A cerimônia, marcada pela emoção de quem reconhece no território da Pequena África um patrimônio vivo, contou com autoridades, artistas e lideranças comunitárias. Entre elas, a ministra da Igualdade Racial, Anielle Franco; o presidente da Fundação Banco do Brasil, Kleytton Morais; a bisneta de Tia Ciata, Gracy Mary Moreira; além de representantes do Ministério dos Direitos Humanos e da Cidadania. A Fundação Cultural Palmares esteve presente por meio do representante regional no Rio de Janeiro, Eliel Moura, que reforçou a ligação histórica da instituição com o território.
Em sua intervenção, Moura destacou: “É importante reconhecer a relevância dos remanescentes de Tia Ciata para o território, cumprindo e mantendo o seu legado de espaço aglutinador da negritude, através do qual toda nossa inventividade e potencial podem florescer. O novo espaço, digno e com infraestrutura, é um passo importante para a preservação desse patrimônio afro-brasileiro”. Ele lembrou ainda a vizinhança entre as instituições: “A Fundação Palmares no Rio de Janeiro é vizinha da Casa de Tia Ciata, e chegou aqui pela influência de organizações como essa também”.

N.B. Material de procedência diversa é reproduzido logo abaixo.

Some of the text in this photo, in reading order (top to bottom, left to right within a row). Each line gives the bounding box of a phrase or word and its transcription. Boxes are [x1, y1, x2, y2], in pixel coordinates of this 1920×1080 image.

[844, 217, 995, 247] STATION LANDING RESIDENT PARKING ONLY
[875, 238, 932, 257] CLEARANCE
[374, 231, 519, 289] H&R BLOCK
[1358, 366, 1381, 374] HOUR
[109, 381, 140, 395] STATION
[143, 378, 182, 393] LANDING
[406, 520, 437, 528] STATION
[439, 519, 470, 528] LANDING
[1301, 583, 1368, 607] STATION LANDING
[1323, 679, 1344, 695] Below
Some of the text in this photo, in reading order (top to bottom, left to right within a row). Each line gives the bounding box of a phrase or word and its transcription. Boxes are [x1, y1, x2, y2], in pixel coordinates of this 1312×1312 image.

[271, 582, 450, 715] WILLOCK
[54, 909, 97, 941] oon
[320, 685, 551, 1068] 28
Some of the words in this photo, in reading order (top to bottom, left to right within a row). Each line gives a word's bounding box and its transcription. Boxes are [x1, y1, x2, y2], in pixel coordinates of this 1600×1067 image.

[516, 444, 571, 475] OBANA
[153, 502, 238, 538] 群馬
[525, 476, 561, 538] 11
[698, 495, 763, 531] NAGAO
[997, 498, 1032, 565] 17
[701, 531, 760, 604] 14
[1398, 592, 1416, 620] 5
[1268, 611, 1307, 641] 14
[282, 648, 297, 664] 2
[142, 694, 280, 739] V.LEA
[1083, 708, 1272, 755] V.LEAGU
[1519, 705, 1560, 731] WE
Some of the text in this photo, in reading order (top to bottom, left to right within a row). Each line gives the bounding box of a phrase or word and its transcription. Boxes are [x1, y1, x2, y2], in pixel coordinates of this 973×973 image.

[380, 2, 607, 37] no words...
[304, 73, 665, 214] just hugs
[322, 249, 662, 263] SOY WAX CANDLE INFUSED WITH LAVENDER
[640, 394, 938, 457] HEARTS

De Brasília, o presidente da Fundação Cultural Palmares, João Jorge Rodrigues, fez questão de ressaltar que “Tia Ciata transformou sua casa em referência cultural e social no Rio de Janeiro, reunindo gente, música e espiritualidade em torno de uma convivência que moldou parte essencial do Brasil. Reconhecer a importância da Casa de Tia Ciata é reconhecer que a história negra estrutura a vida nacional. A Fundação Cultural Palmares se irmana a esse gesto, certa de que preservar esse espaço é também afirmar a continuidade de uma presença que não se apaga”.
A ministra Anielle Franco ressaltou que a preservação da memória ancestral é condição para construir um futuro de justiça racial. Já Gracy Mary Moreira, à frente da Casa que leva o nome da bisavó, não esconde a admiração e envolvimento com o local e toda a sua história: “A reafirmação desse território da Pequena África é muito importante e Tia Ciata está inserida nisso. Você passa em qualquer lugar aqui, tanto no Largo da Prainha, na Pedra do Sal, no Morro da Conceição, no Morro da Providência. As pessoas abraçando e reconhecendo todas as atitudes e expressões que Tia Ciata trouxe. Esse é o legado dela”.
A guardiã do samba
A vida de Tia Ciata se confunde com a história da música brasileira. Sua casa, que também era terreiro, acolheu encontros entre Donga, Pixinguinha e João da Baiana, a chamada “santíssima trindade do samba”. Foi nesse espaço que o samba carioca se uniu ao samba de roda baiano e se consolidou como gênero musical capaz de traduzir a alma do país.
A reabertura da Casa é a devolução de um território de memória à cidade, um lugar onde fé, música e ancestralidade se encontram. Para a Fundação Cultural Palmares, que há 37 anos atua na preservação do patrimônio cultural afro-brasileiro, a inauguração da Nova Casa da Tia Ciata representa um gesto coletivo de reconhecimento: a memória negra é parte indissociável da identidade nacional.